You may choose to use manual labor or use machines to prepare the land for planting (depending on the scale of business you intend to operate).
Read Also: Introduction and Morphology of Plantain
(3) Buy Healthy Plantain Suckers
Plantain suckers are used to grow new plantain plants. They are outgrowth (shoot) which develop from the bud at the base or corm of the mother plantain plant. Plantain suckers mostly contain short and narrow leafs which later turn into broadleaf plantain on them.
When looking for plantain sucker for your new plantain plantation, ensure you approach reputable farmers that can supply you with healthy suckers, free of disease and pest damage.
There are three major varieties of plantain suckers: water suckers, maidenhead and sword sucker. The water suckers are not so ideal to use for plantain farming business. They produce weak plant with low yield of plantain fruits.
To get the best out of your plantation, buy maidenhead or sword suckers. This varieties produce strong plants that are highly resistant to pest attack, have a high level of productivity, and produce healthy fruits.

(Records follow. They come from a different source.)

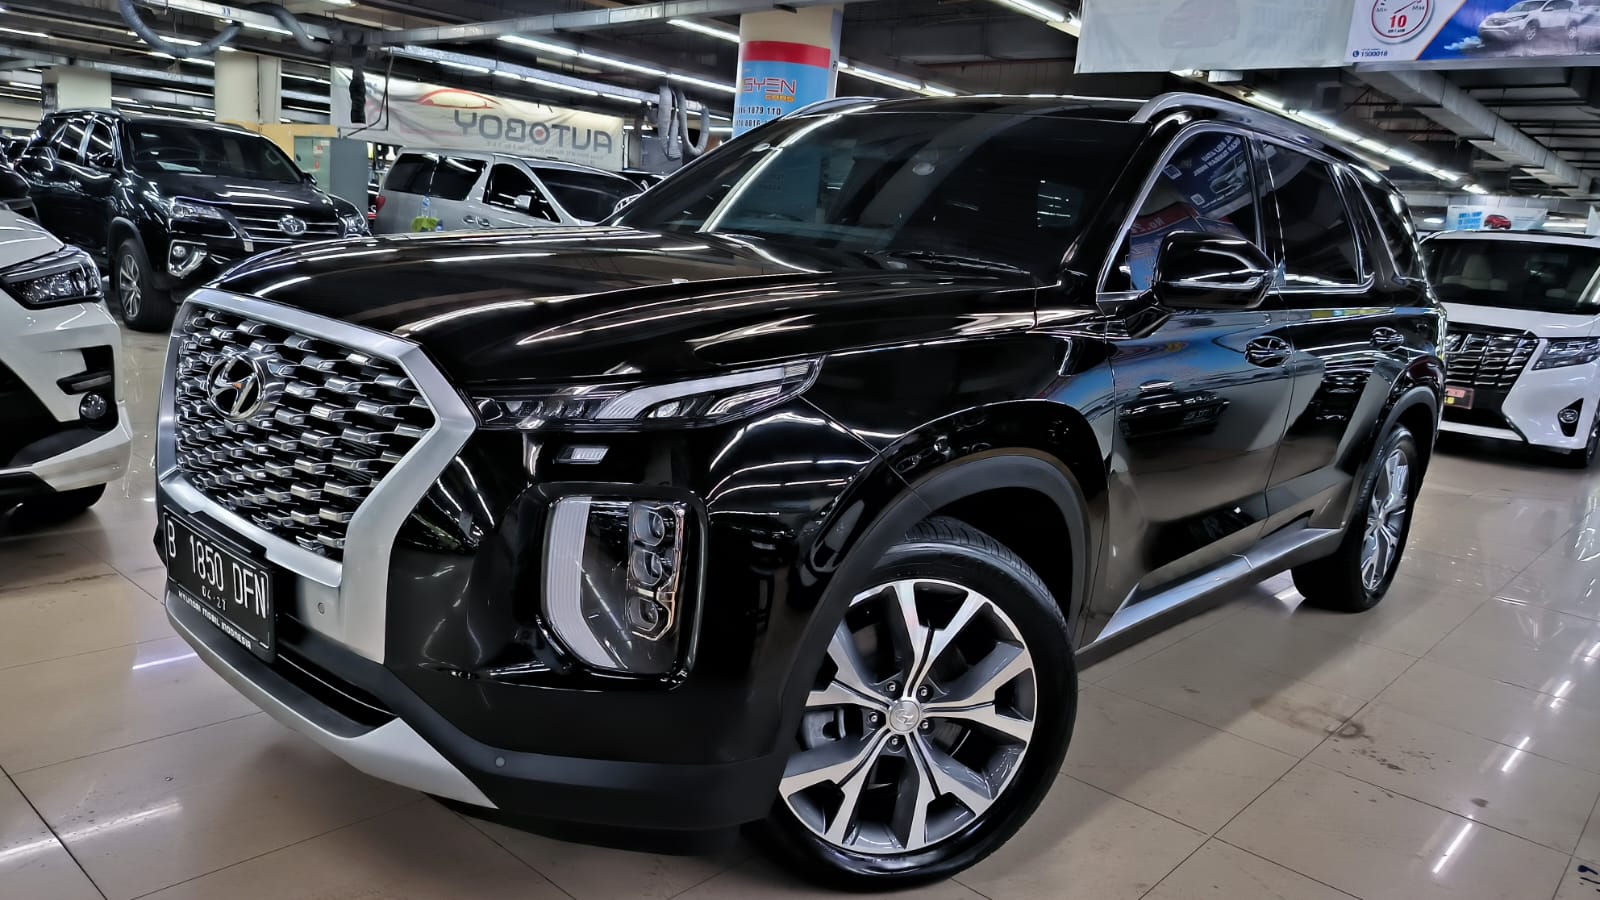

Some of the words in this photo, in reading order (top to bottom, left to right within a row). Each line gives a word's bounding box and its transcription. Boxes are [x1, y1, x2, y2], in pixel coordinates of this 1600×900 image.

[1390, 15, 1407, 28] 10
[767, 107, 781, 115] 110
[167, 519, 176, 558] B
[189, 535, 224, 592] 1850
[232, 562, 267, 619] DFN

Plantain suckers sell for as low as #80 in some places and as high as #150 in others, depending on your location. Most local farmers would give an attractive discount to any buyer buying in bulk. Once you buy a healthy variety of suckers it would serve you for many years to come. All you need to do is to get suckers from your own plantation.
(4) Get Labor
Depending on the size of your farm, you might have to hire laborers to carry out farming activities such as: land preparation, planting of plantain suckers, weeding and harvesting.

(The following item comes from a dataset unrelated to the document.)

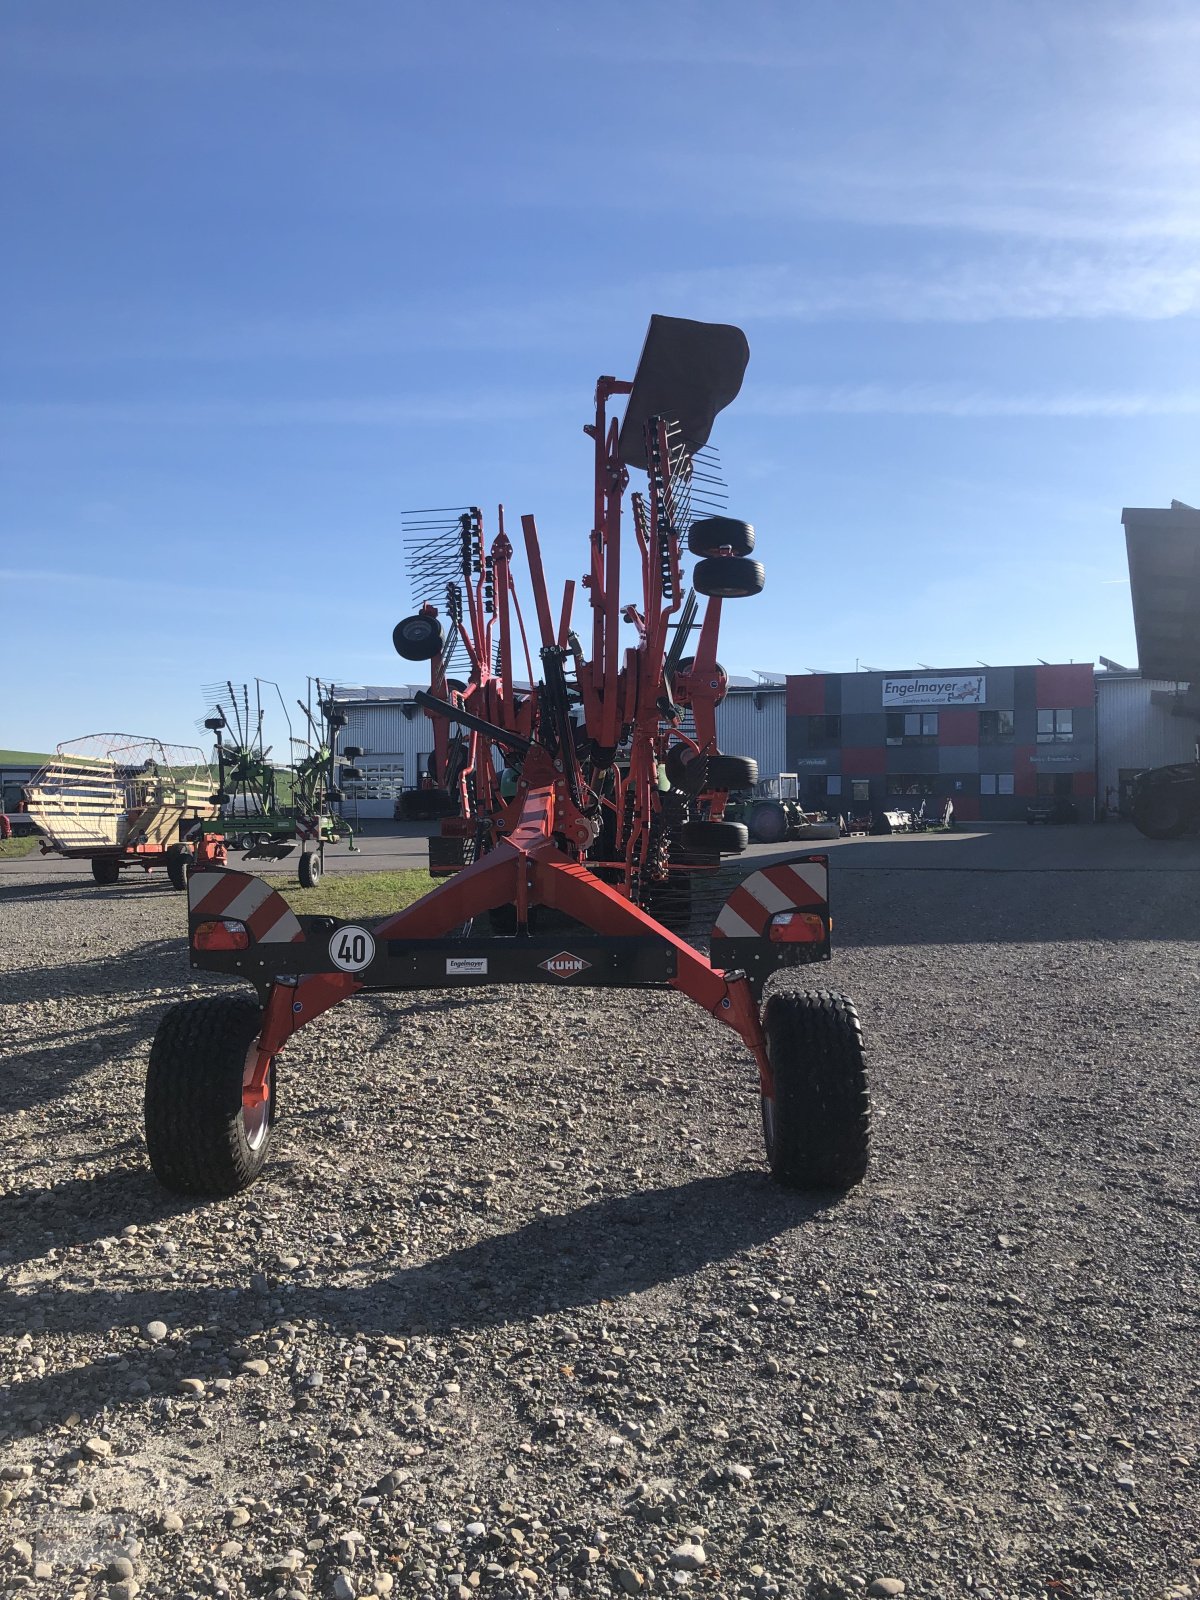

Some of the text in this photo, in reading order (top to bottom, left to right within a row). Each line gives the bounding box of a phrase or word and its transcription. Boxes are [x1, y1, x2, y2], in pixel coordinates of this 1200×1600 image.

[885, 680, 957, 696] Engelmayer
[338, 935, 365, 963] 40
[450, 960, 484, 968] Engelmayer
[547, 960, 583, 970] KUHN

All these could also be done mechanically. If you have a big budget and can afford to set up a large-scale plantation then mechanized farming would be more helpful to you.
(5) Plant the Suckers
Your plantain suckers should be 4-5 feet long. While planting the suckers, keep a distance of about 8-10 feet before planting the next sucker. Ensure that the soil is moderately wet. Plantain plant does not grow well in waterlogged areas.

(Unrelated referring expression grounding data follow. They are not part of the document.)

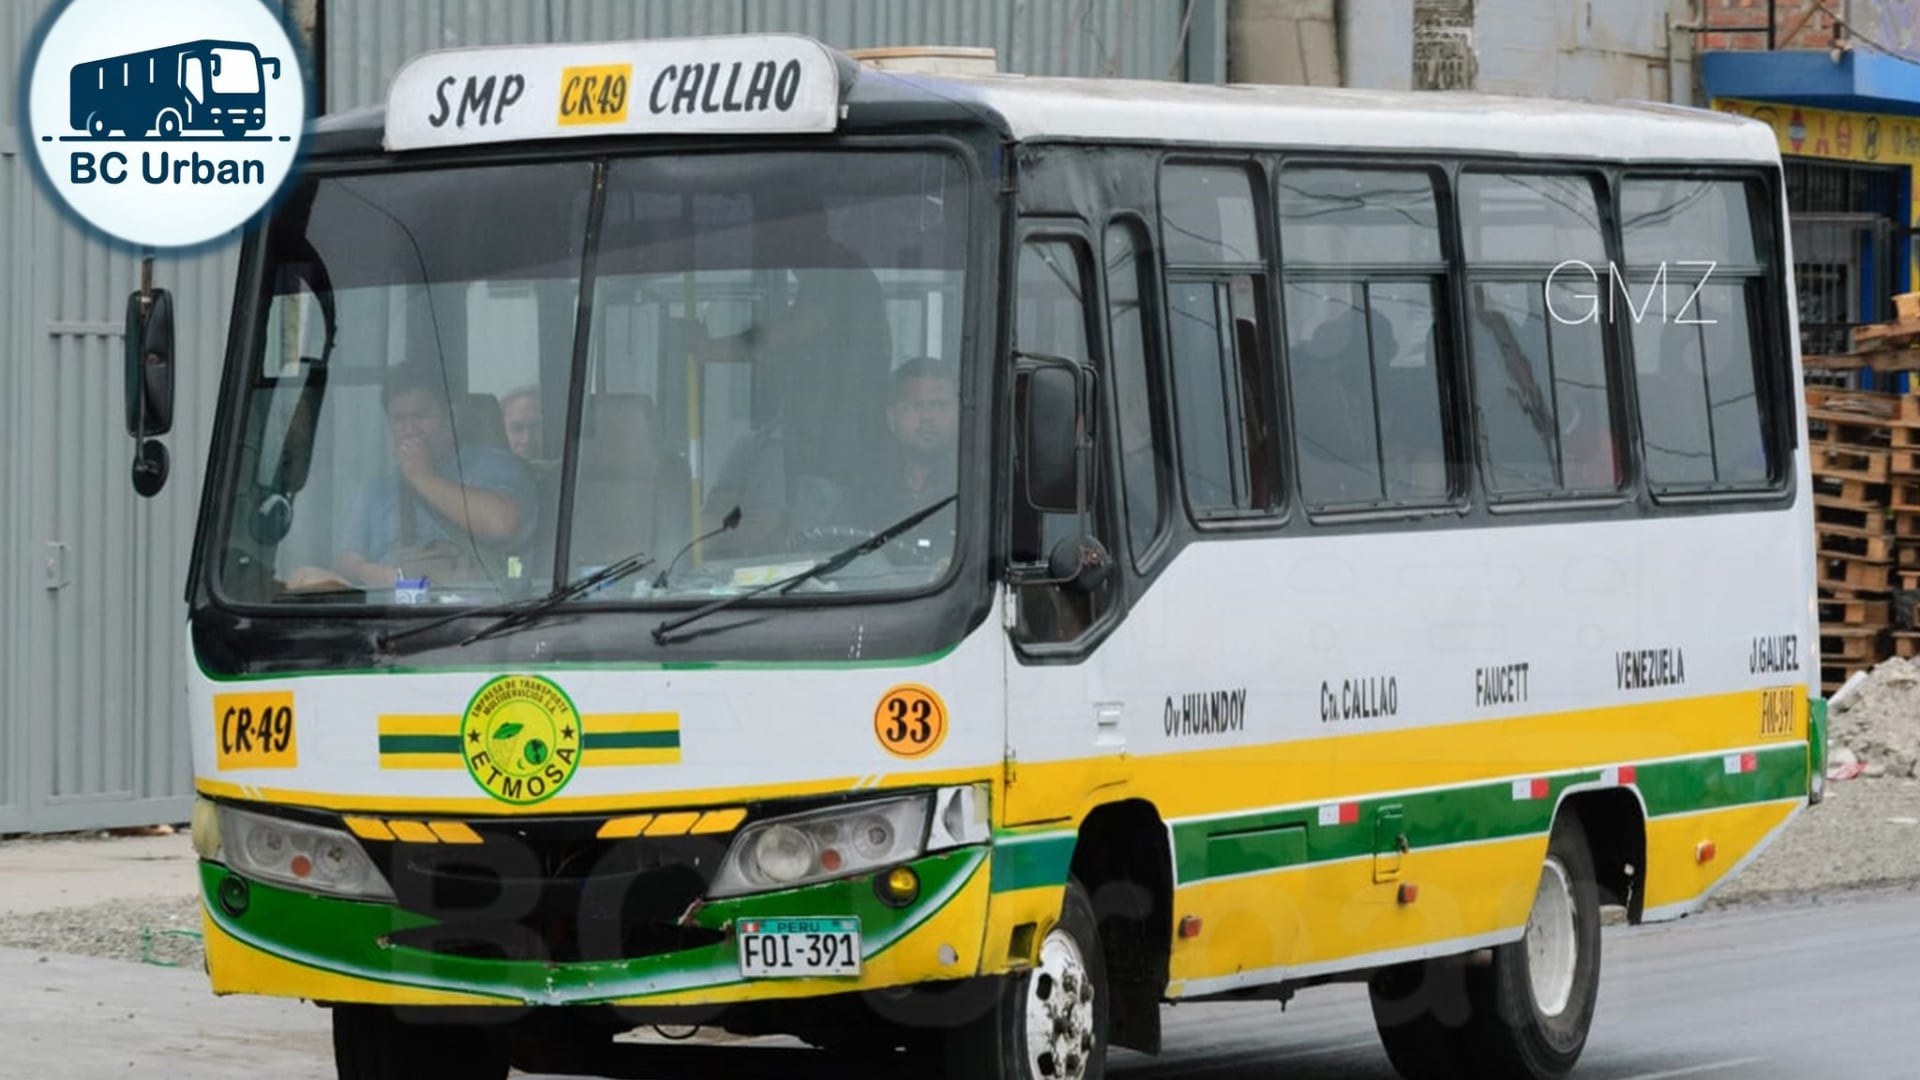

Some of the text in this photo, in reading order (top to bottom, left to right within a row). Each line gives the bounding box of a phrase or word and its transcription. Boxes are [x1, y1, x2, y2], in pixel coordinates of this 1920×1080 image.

[428, 73, 526, 129] SMP
[649, 58, 802, 114] CALLAO
[1475, 662, 1529, 707] FAUCETT
[1615, 647, 1685, 690] VENEZUELA
[1182, 688, 1247, 735] HUANDOY
[1343, 675, 1398, 720] CALLAO
[886, 698, 931, 743] 33
[471, 748, 575, 799] ETMOSA
[777, 922, 820, 932] PERU
[744, 933, 856, 968] FOI-391

Read Also: Managing the fallow period in Plantains
(6) Weeding and Fertilizer Application
Weed and other unwanted plant compete for the nutrient of the soil with the plantain plant, therefore constant weeding is required. You could employ manual labor to help with the weeding or you could make use of chemicals (depends on how large your farm is).
Application of fertilizer depends on if you started the plantation on a fertile soil. However, if you must apply fertilizer on your farm make sure it has the right proportion of potassium, phosphorus and nitrogen. You could also till the dead plantain leaves to the ground to improve soil fertility.
The plantain fruits would be ready for harvest after about 8-10 months. Once the harvest season begins the plant will continue to produce more fruits till the season is over. Harvesting is done as soon as the plantain starts to ripen.
The demand for plantain is on the increase, there is always a market for the product. You could supply to companies that process plantain into flour, sell in the local market, and even export the farm produce. The market for plantain in West Africa is very large and increasing.